| What the task requires |
Reproduce the data below word for word, setting aside any picture it holds.

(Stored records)
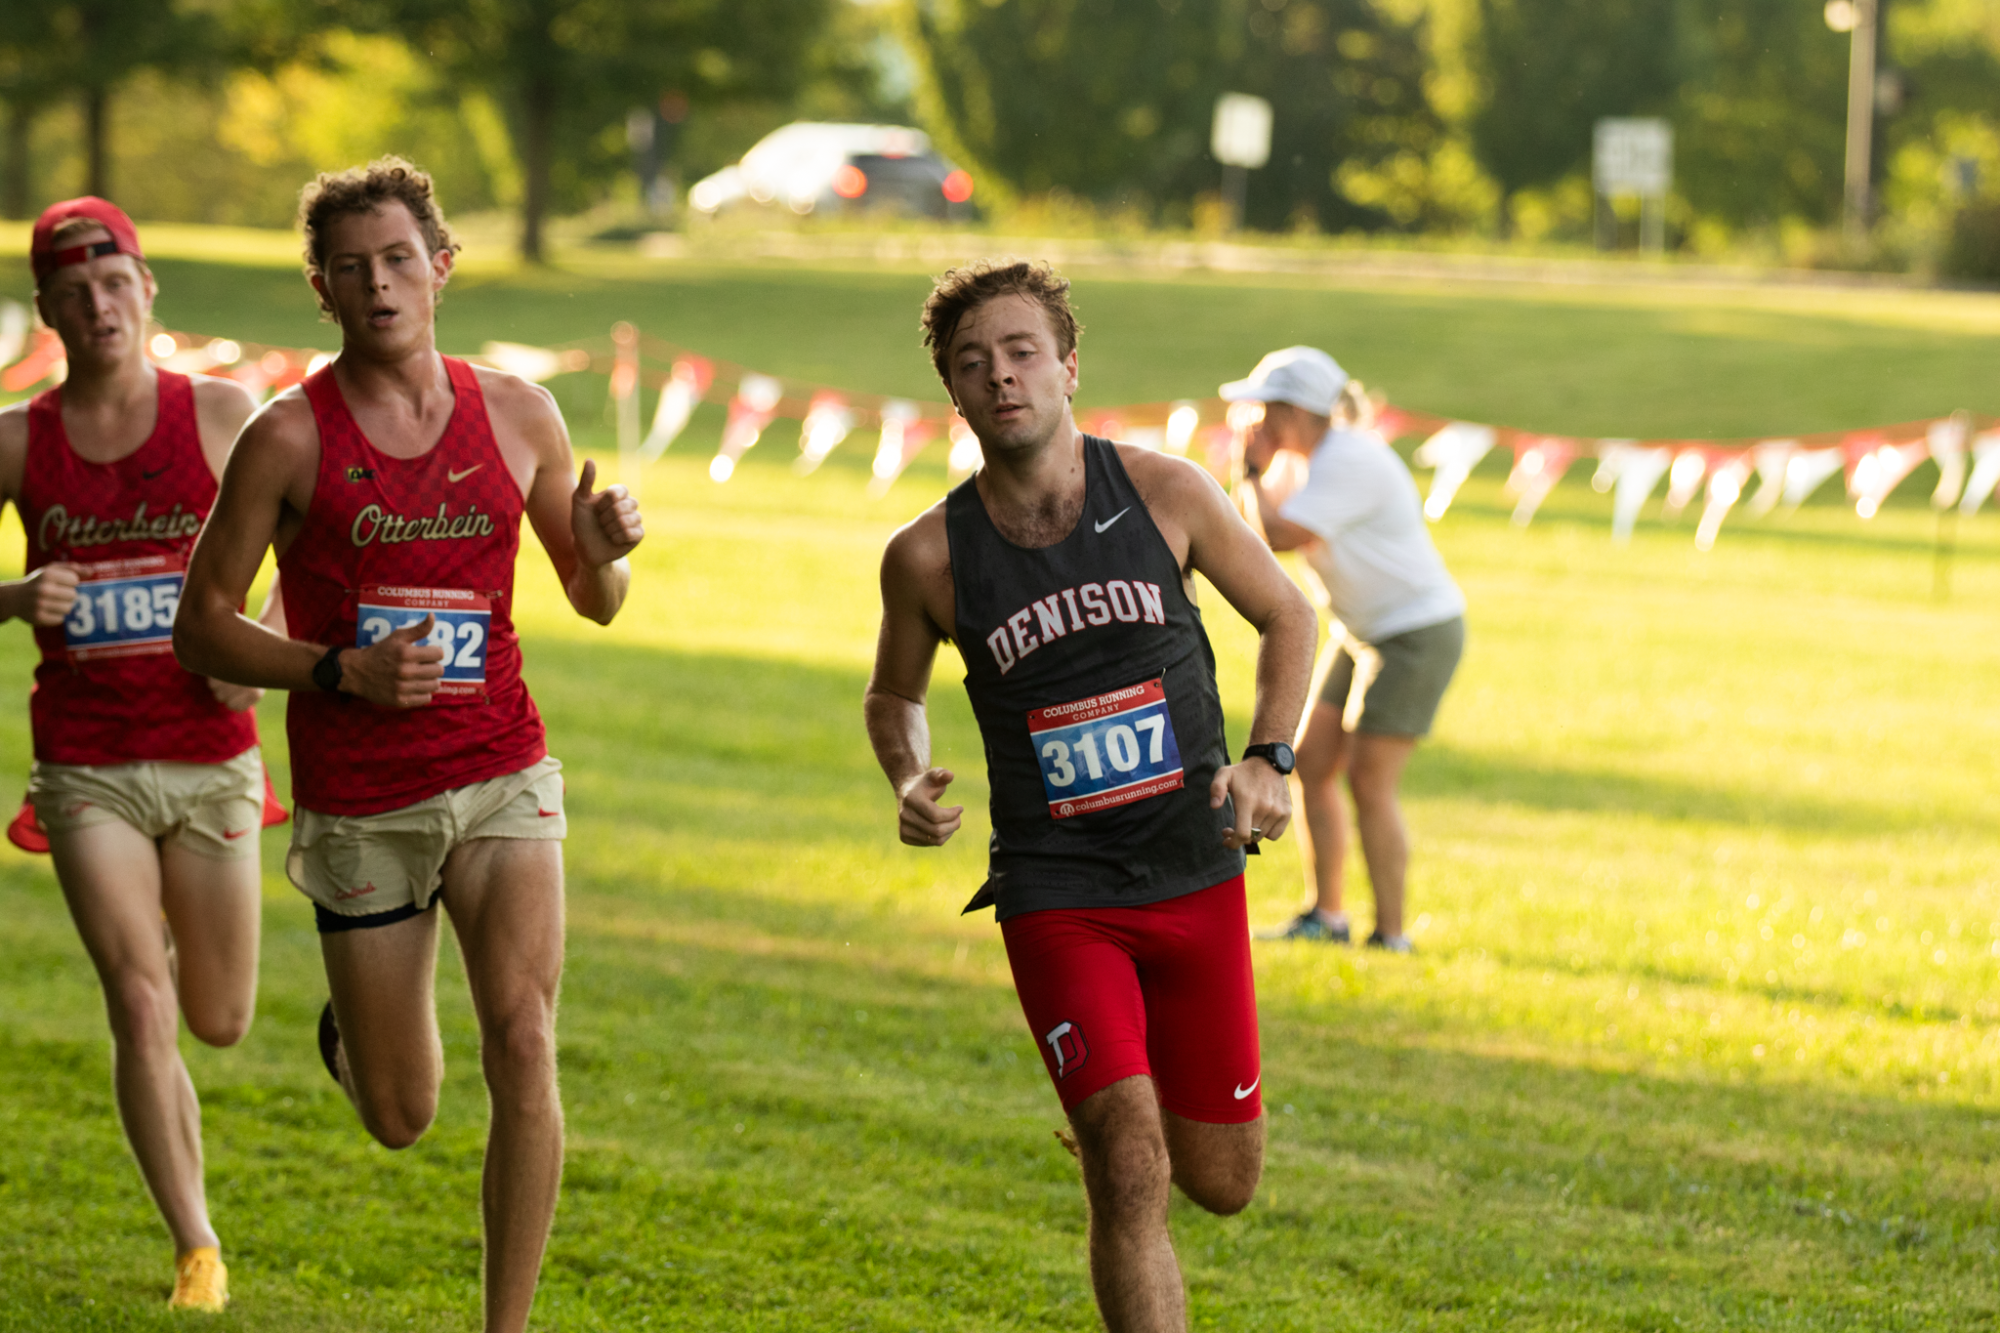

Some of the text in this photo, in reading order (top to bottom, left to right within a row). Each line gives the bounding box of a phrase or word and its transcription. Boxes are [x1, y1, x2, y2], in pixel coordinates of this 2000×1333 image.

[39, 502, 200, 551] Otterbein
[351, 503, 494, 547] Otterbein
[66, 582, 181, 637] 3185
[377, 586, 475, 602] COLUMBUS RUNNING
[404, 598, 449, 608] COMPANY
[986, 580, 1166, 676] DENISON
[1043, 685, 1145, 719] COLUMBUS RUNNING
[1072, 703, 1120, 721] COMPANY
[1041, 713, 1166, 788] 3107
[1075, 779, 1178, 812] columbusrunning.com
[1045, 1020, 1090, 1080] D
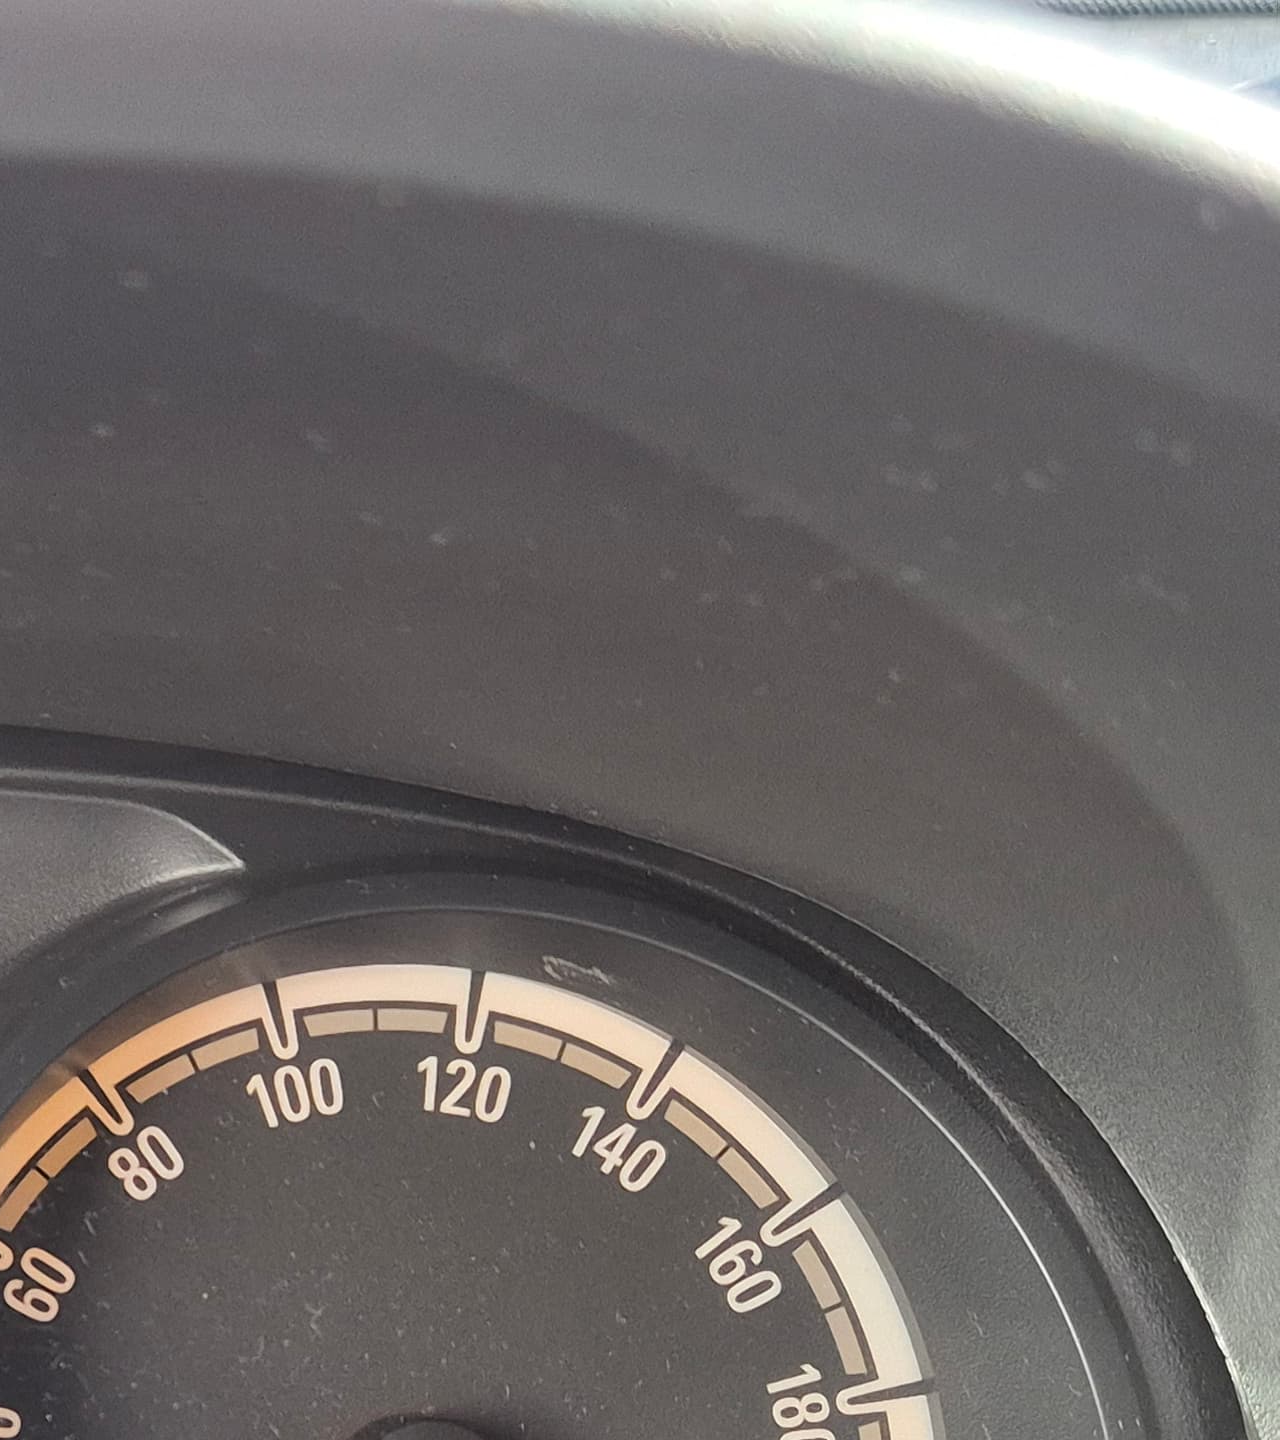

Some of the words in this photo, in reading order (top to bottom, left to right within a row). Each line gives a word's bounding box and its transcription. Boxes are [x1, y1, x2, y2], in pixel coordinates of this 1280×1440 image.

[246, 1058, 343, 1129] 100
[416, 1055, 511, 1123] 120
[107, 1125, 185, 1201] 80
[570, 1106, 666, 1192] 140
[3, 1247, 76, 1323] 60
[694, 1216, 782, 1313] 160
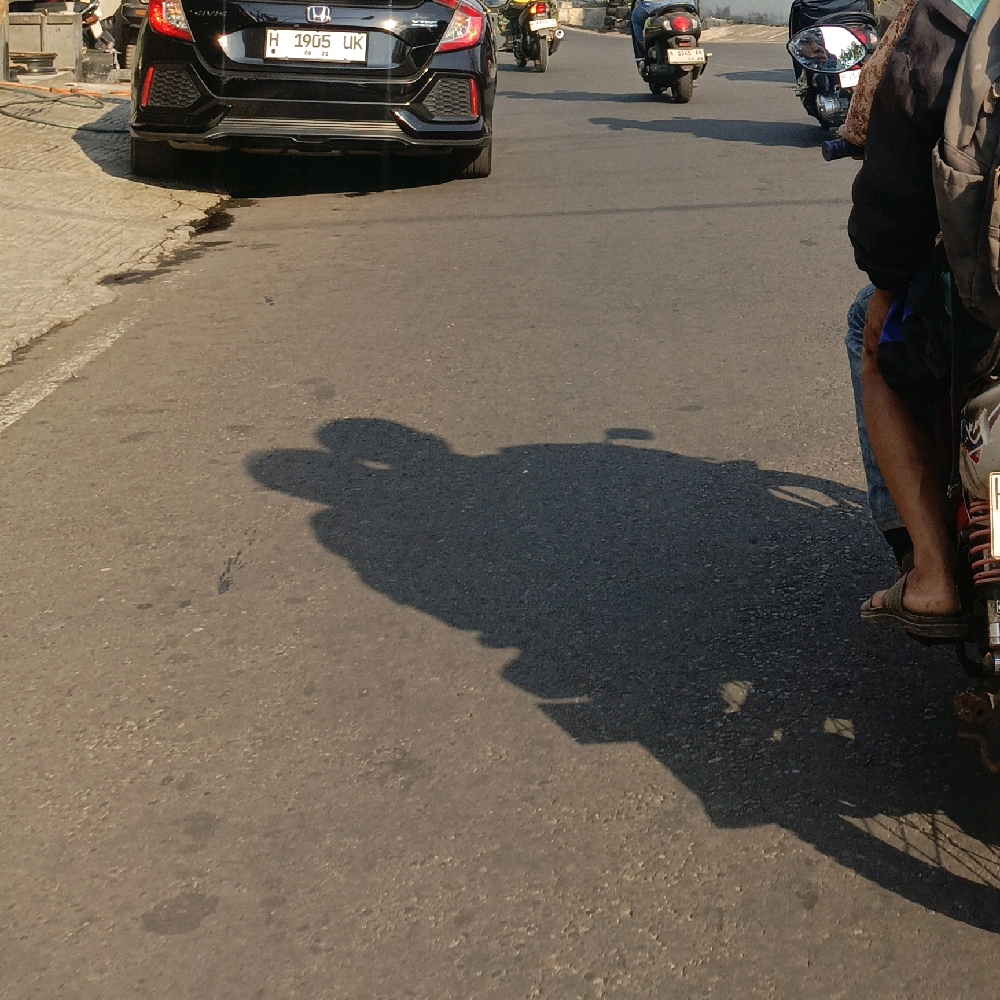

| Final answer |
Some of the text in this photo, in reading order (top to bottom, left to right within a row). Each line gives the bounding box of a phrase or word and its transcription. Boxes are [x1, y1, x2, y2], in pixel coordinates of this 2000×1333 image.

[39, 502, 200, 551] Otterbein
[351, 503, 494, 547] Otterbein
[66, 582, 181, 637] 3185
[377, 586, 475, 602] COLUMBUS RUNNING
[404, 598, 449, 608] COMPANY
[986, 580, 1166, 676] DENISON
[1043, 685, 1145, 719] COLUMBUS RUNNING
[1072, 703, 1120, 721] COMPANY
[1041, 713, 1166, 788] 3107
[1075, 779, 1178, 812] columbusrunning.com
[1045, 1020, 1090, 1080] D

Some of the words in this photo, in reading order (top to bottom, left to right within a row). Each line gives a word's bounding box and its transcription. Boxes are [x1, y1, x2, y2], in pixel coordinates of this 1280×1440 image.

[246, 1058, 343, 1129] 100
[416, 1055, 511, 1123] 120
[107, 1125, 185, 1201] 80
[570, 1106, 666, 1192] 140
[3, 1247, 76, 1323] 60
[694, 1216, 782, 1313] 160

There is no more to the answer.